NGO-Gründerin Catharina Ziebritzki erklärt die Asylverfahren nach dem EU-Türkei-Deal – und warum viele Flüchtlinge eigentlich weiterreisen dürften.

Auf vielen griechischen Inseln regt sich Protest – wie hier auf Samos Foto: dpa
Christian Rath
Interview von Christian Rath

taz: Frau Ziebritzki, Kanzlerin Merkel forderte kürzlich bei einem Besuch in Griechenland eine bessere Umsetzung des EU-Flüchtlingspakts mit der Türkei. Zeigt der Deal von 2016 Wirkung?

Catharina Ziebritzki: Er zeigt vor allem insofern Wirkung, als die Zahl der aus der Türkei ankommenden Asylsuchenden stark reduziert wurde. Im Jahr 2015 kamen über 800.000 Flüchtlinge aus der Türkei über die Ägäis nach Griechenland. 2017 und 2018 waren es nur noch jeweils rund 30.000.

Liegt der Rückgang der Ankunftszahlen nur an dem Deal mit der Türkei oder auch an der Schließung der Balkan-Route?

Natürlich ist die irreguläre Weiterreise über Griechenland und den Balkan nach Österreich, Deutschland und Skandinavien praktisch inzwischen viel schwieriger als 2015. Der wirklich massive Rückgang der Ankunftszahlen begann aber kurz nachdem die EU-Türkei-Absprache im März 2016 in Kraft trat. Das war kein Zufall. Seitdem kontrollieren die türkische und griechische Küstenwache sowie Frontex viel konsequenter.
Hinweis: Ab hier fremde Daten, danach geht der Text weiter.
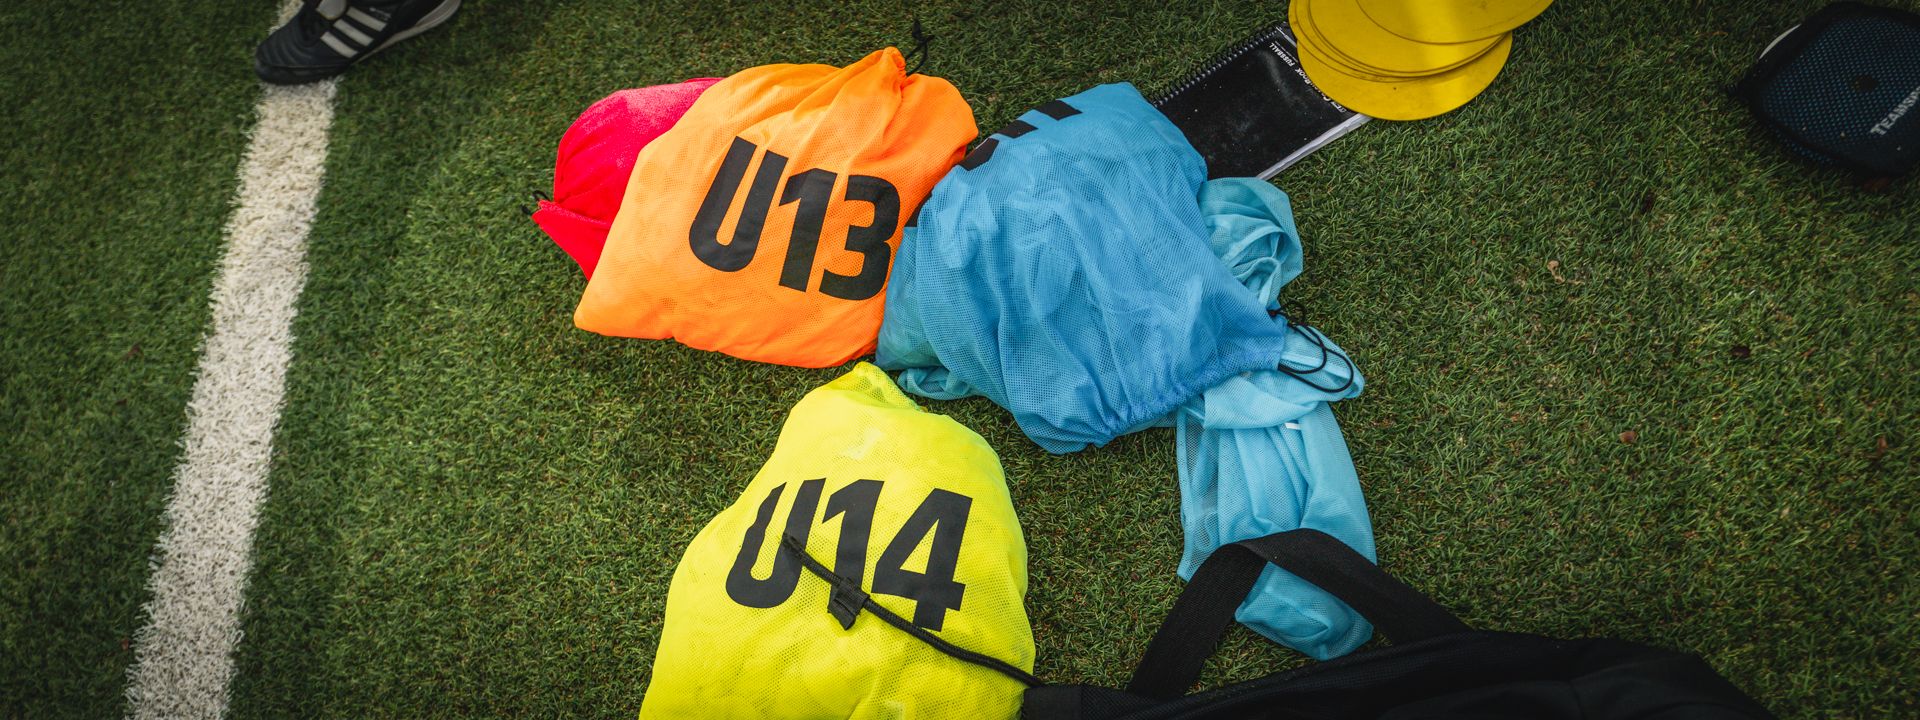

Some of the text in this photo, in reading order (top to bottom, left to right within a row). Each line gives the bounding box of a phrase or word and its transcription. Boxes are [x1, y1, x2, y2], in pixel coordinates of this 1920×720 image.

[1269, 42, 1296, 67] FUSSBALL
[689, 136, 900, 300] U13
[725, 477, 973, 632] U14
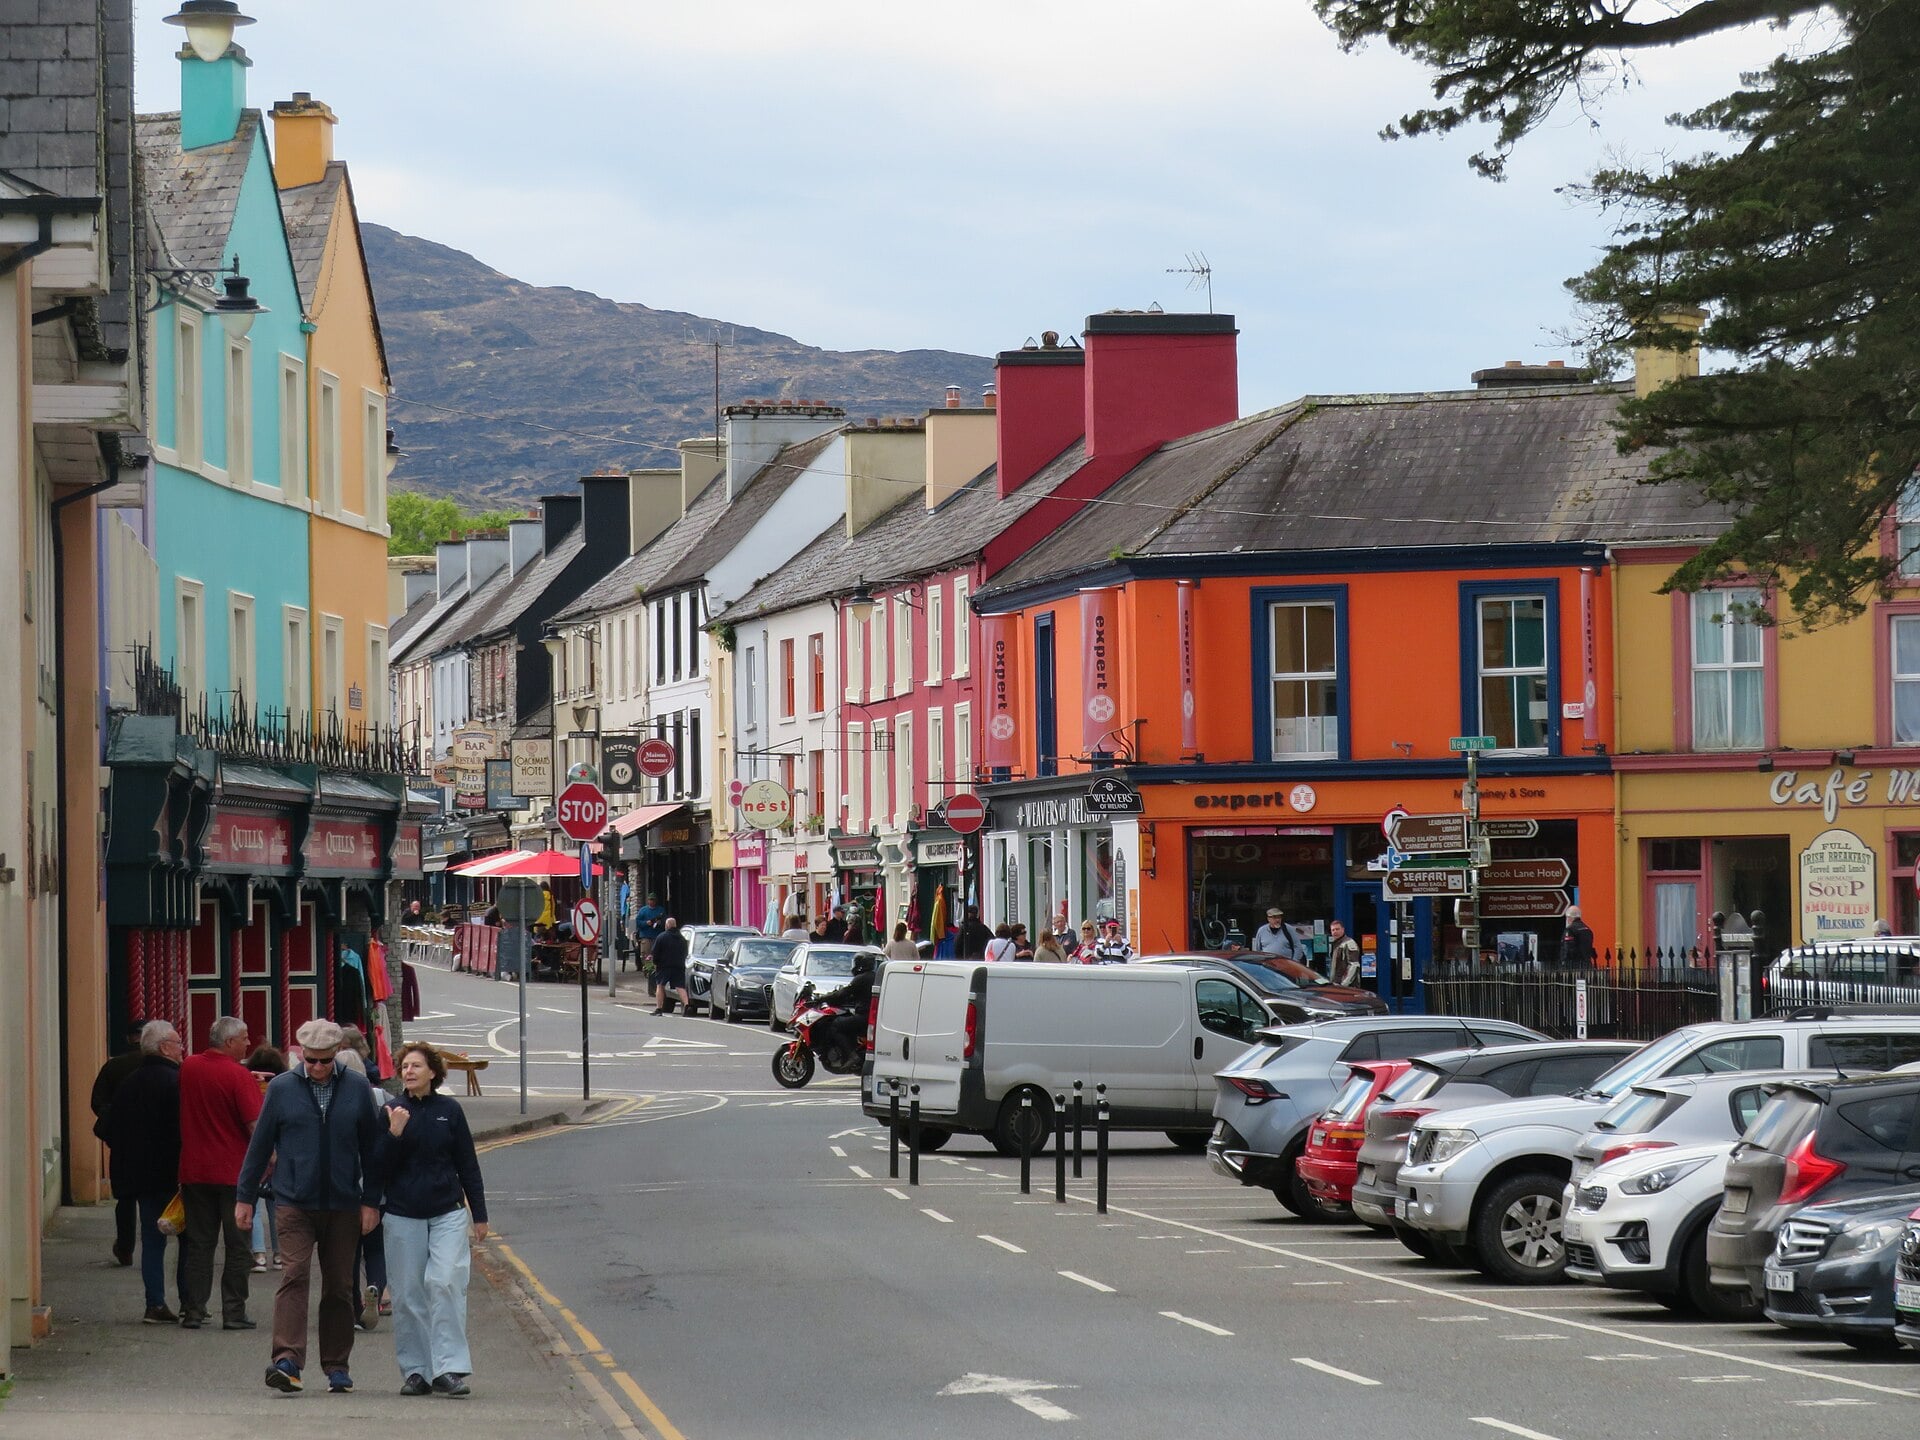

Im Interview: Catharina Ziebritzki

28, ist wissenschaftliche Mitarbeiterin am Max-Planck-Institut für Völkerrecht in Heidelberg. Sie ist zudem Mitgründerin von Equal Rights Beyond Borders.

Die Absprache mit der Türkei sah auch vor, dass alle Flüchtlinge, die nach dem 20. März 2016 auf den griechischen Inseln ankommen, in die Türkei zurückgeschickt werden. Was wurde daraus?

Betrachtet man die Rückführungszahlen, spielt dieser Teil der Absprache bisher keine große Rolle. Seit März 2016 wurden erst rund 2.000 Personen in die Türkei abgeschoben – obwohl die EU-Flüchtlingslager auf Rückkehr ausgerichtet wurden.

Ist es überhaupt rechtmäßig, Flüchtlinge einfach in die Türkei zurückzuschicken?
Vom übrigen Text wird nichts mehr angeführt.